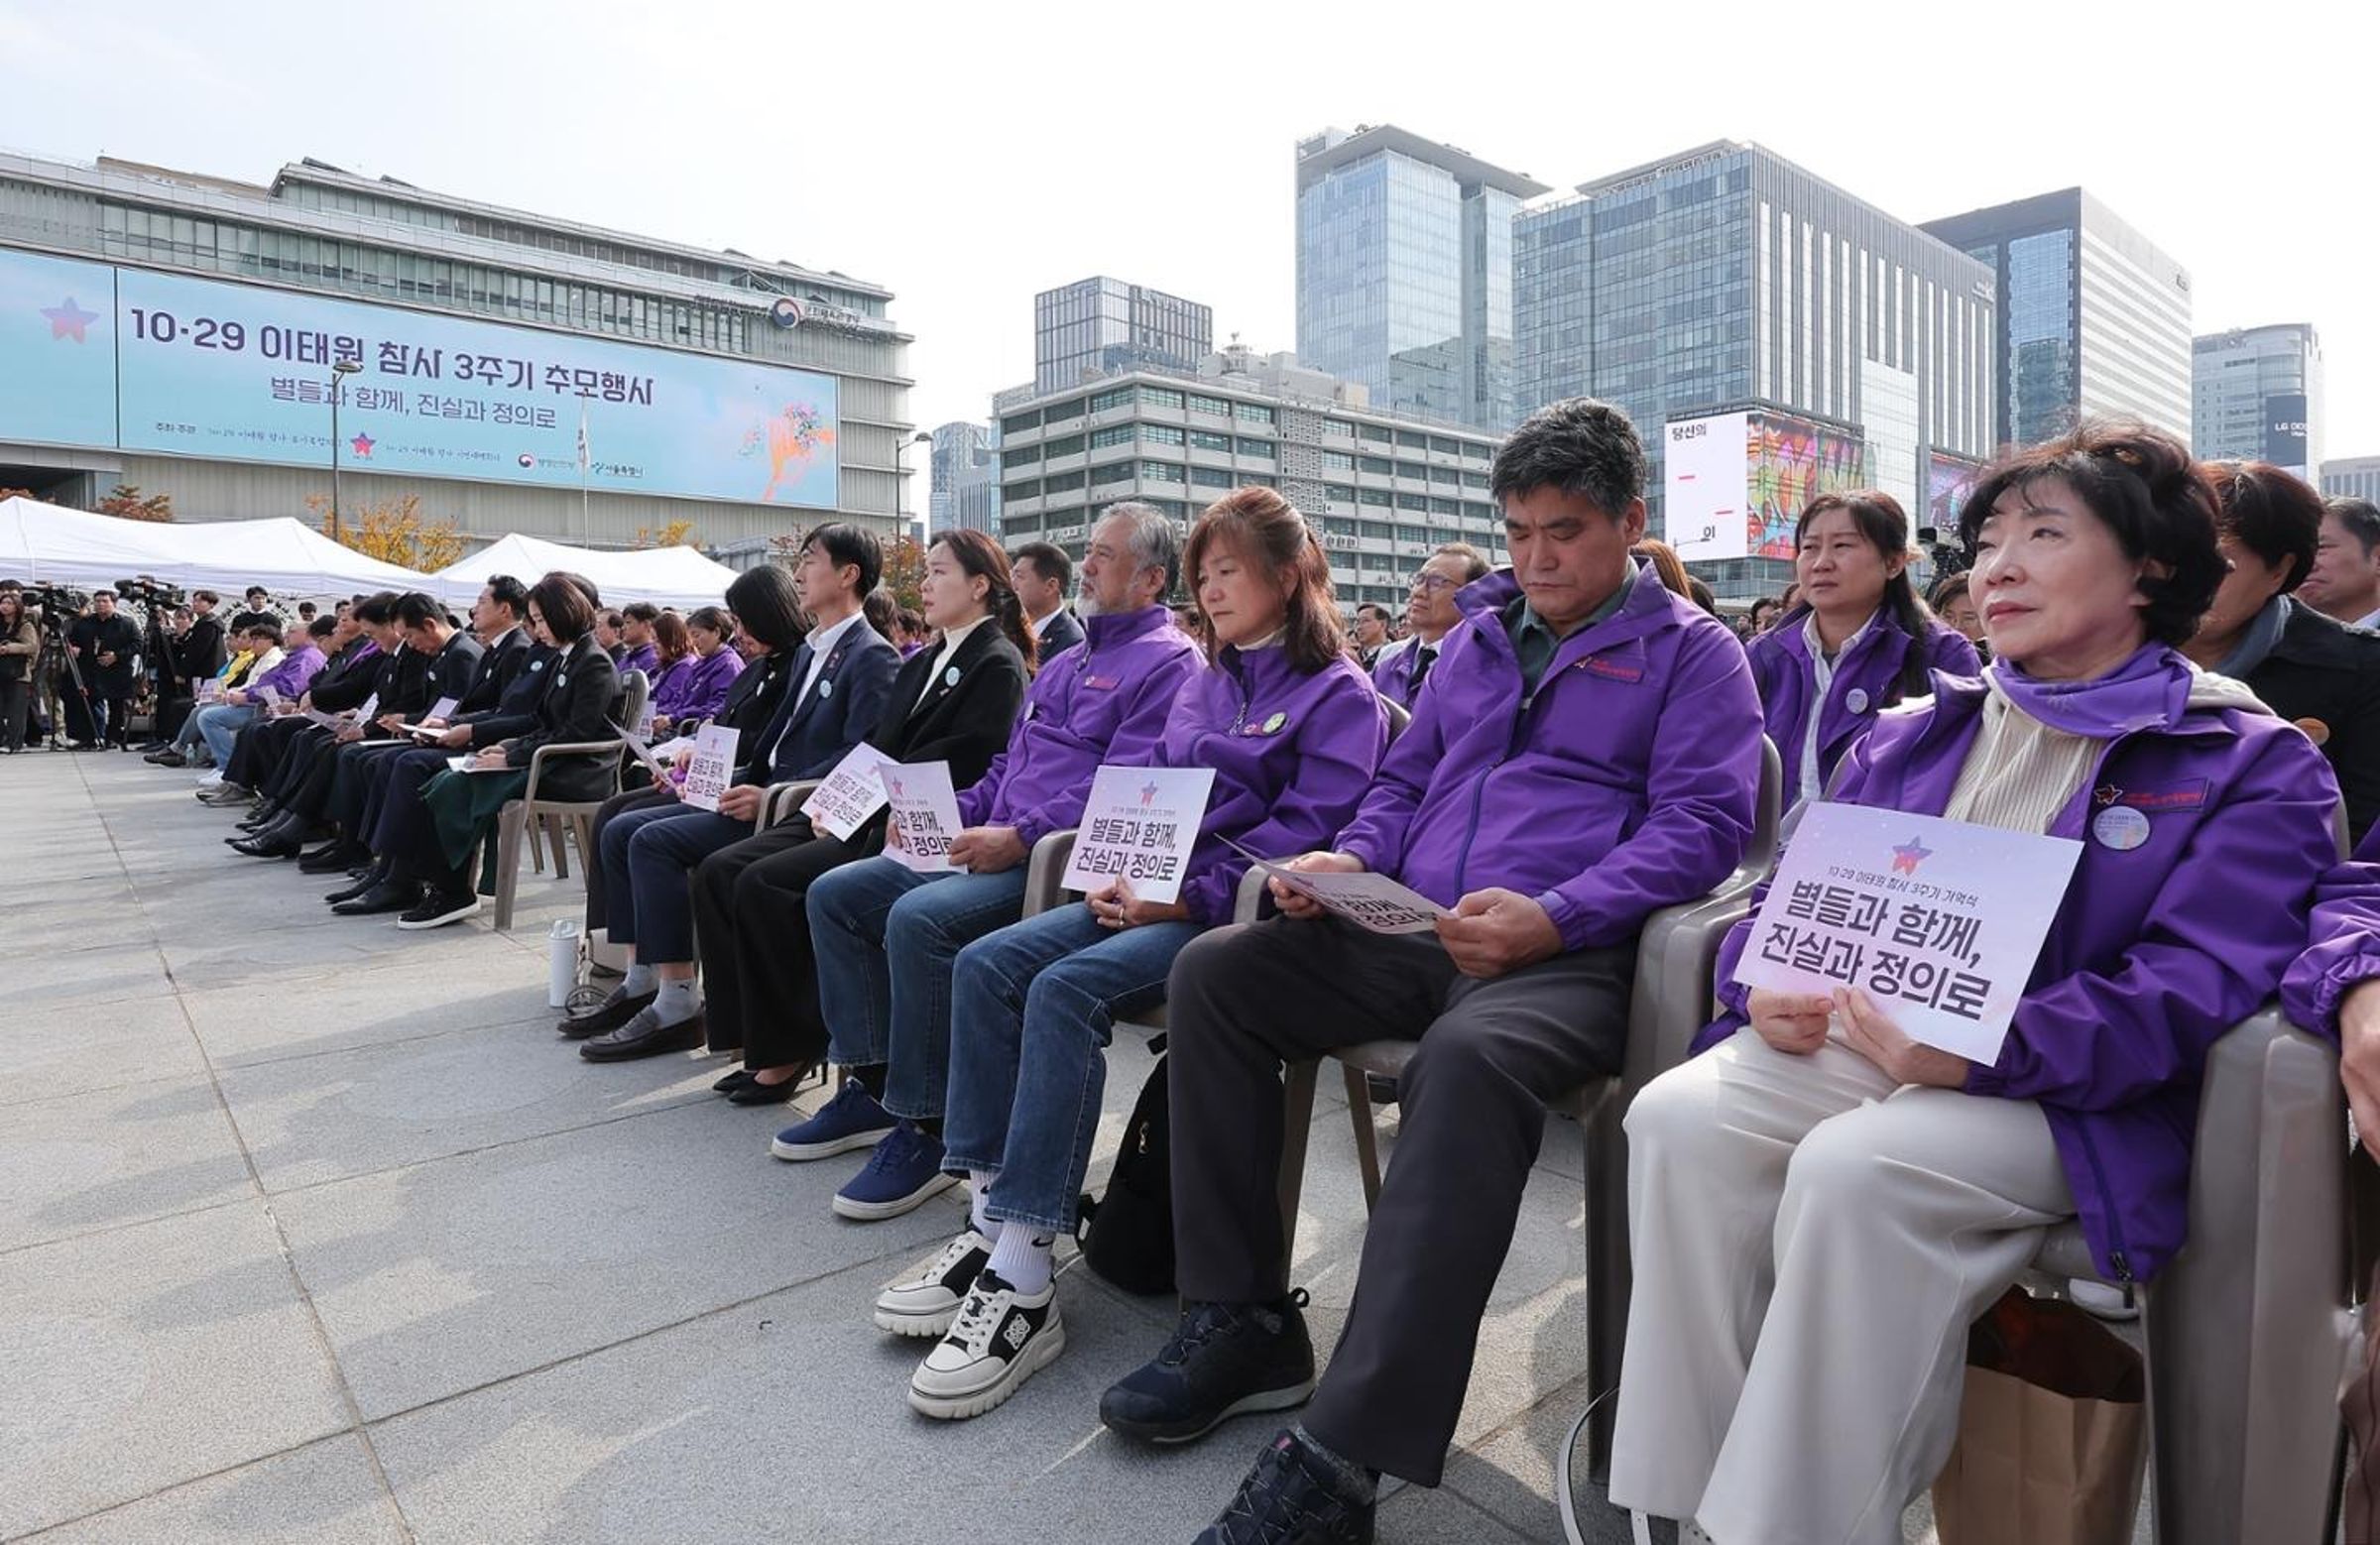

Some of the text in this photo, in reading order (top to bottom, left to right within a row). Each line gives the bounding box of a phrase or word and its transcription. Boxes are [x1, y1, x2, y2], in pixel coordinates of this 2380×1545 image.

[131, 308, 654, 406] 10·29 이태원 참사 3주기 추모행사
[272, 377, 555, 428] 별들과 함께, 진실과 정의로
[1673, 423, 1707, 440] 당신의
[908, 811, 944, 834] 함께,
[1090, 817, 1177, 854] 별들과 함께,
[1076, 847, 1179, 882] 진실과 정의로
[1855, 872, 1885, 888] 이태원
[1886, 877, 1910, 893] 참사
[1911, 883, 1940, 901] 3주기
[1943, 889, 1978, 908] 기억식
[1786, 880, 1982, 969] 별들과 함께,
[1761, 922, 1992, 1021] 진실과 정의로

□ □ □ □ □

Retype the listing exactly. Pictures do not belong in the copy.

[RESPONSE FOR THIS EXERCISE]:
Some of the text in this photo, in reading order (top to bottom, left to right within a row). Each line gives the bounding box of a phrase or word and its transcription. Boxes are [x1, y1, x2, y2], in pixel coordinates of this 2380×1545 image.

[131, 308, 654, 406] 10·29 이태원 참사 3주기 추모행사
[272, 377, 555, 428] 별들과 함께, 진실과 정의로
[1673, 423, 1707, 440] 당신의
[908, 811, 944, 834] 함께,
[1090, 817, 1177, 854] 별들과 함께,
[1076, 847, 1179, 882] 진실과 정의로
[1855, 872, 1885, 888] 이태원
[1886, 877, 1910, 893] 참사
[1911, 883, 1940, 901] 3주기
[1943, 889, 1978, 908] 기억식
[1786, 880, 1982, 969] 별들과 함께,
[1761, 922, 1992, 1021] 진실과 정의로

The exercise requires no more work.